— Task objective —
All the data must be output exactly as given.

+===+

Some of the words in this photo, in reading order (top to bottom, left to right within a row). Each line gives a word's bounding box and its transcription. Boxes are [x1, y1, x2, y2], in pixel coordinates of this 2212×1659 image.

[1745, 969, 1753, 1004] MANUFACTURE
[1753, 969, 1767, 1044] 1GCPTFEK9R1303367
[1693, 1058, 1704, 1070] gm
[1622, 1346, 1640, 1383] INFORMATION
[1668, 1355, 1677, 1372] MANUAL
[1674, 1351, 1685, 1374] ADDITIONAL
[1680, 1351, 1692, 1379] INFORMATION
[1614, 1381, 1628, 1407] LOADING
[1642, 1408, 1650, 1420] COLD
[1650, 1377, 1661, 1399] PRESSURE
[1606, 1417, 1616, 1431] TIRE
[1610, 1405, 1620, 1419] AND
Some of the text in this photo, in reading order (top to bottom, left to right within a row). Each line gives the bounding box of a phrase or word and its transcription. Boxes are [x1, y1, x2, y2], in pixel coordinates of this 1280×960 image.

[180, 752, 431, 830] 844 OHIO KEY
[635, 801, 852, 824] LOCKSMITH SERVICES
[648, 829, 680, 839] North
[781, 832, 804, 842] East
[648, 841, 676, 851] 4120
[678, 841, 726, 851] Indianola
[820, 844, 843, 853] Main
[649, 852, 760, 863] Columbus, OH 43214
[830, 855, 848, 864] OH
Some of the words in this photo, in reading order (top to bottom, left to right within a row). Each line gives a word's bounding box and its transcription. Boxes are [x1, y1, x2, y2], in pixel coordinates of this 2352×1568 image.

+===+

— Solution for this problem —
Some of the words in this photo, in reading order (top to bottom, left to right within a row). Each line gives a word's bounding box and its transcription. Boxes are [x1, y1, x2, y2], in pixel coordinates of this 2212×1659 image.

[1745, 969, 1753, 1004] MANUFACTURE
[1753, 969, 1767, 1044] 1GCPTFEK9R1303367
[1693, 1058, 1704, 1070] gm
[1622, 1346, 1640, 1383] INFORMATION
[1668, 1355, 1677, 1372] MANUAL
[1674, 1351, 1685, 1374] ADDITIONAL
[1680, 1351, 1692, 1379] INFORMATION
[1614, 1381, 1628, 1407] LOADING
[1642, 1408, 1650, 1420] COLD
[1650, 1377, 1661, 1399] PRESSURE
[1606, 1417, 1616, 1431] TIRE
[1610, 1405, 1620, 1419] AND
Some of the text in this photo, in reading order (top to bottom, left to right within a row). Each line gives the bounding box of a phrase or word and its transcription. Boxes are [x1, y1, x2, y2], in pixel coordinates of this 1280×960 image.

[180, 752, 431, 830] 844 OHIO KEY
[635, 801, 852, 824] LOCKSMITH SERVICES
[648, 829, 680, 839] North
[781, 832, 804, 842] East
[648, 841, 676, 851] 4120
[678, 841, 726, 851] Indianola
[820, 844, 843, 853] Main
[649, 852, 760, 863] Columbus, OH 43214
[830, 855, 848, 864] OH
Some of the words in this photo, in reading order (top to bottom, left to right within a row). Each line gives a word's bounding box and its transcription. Boxes are [x1, y1, x2, y2], in pixel coordinates of this 2352×1568 image.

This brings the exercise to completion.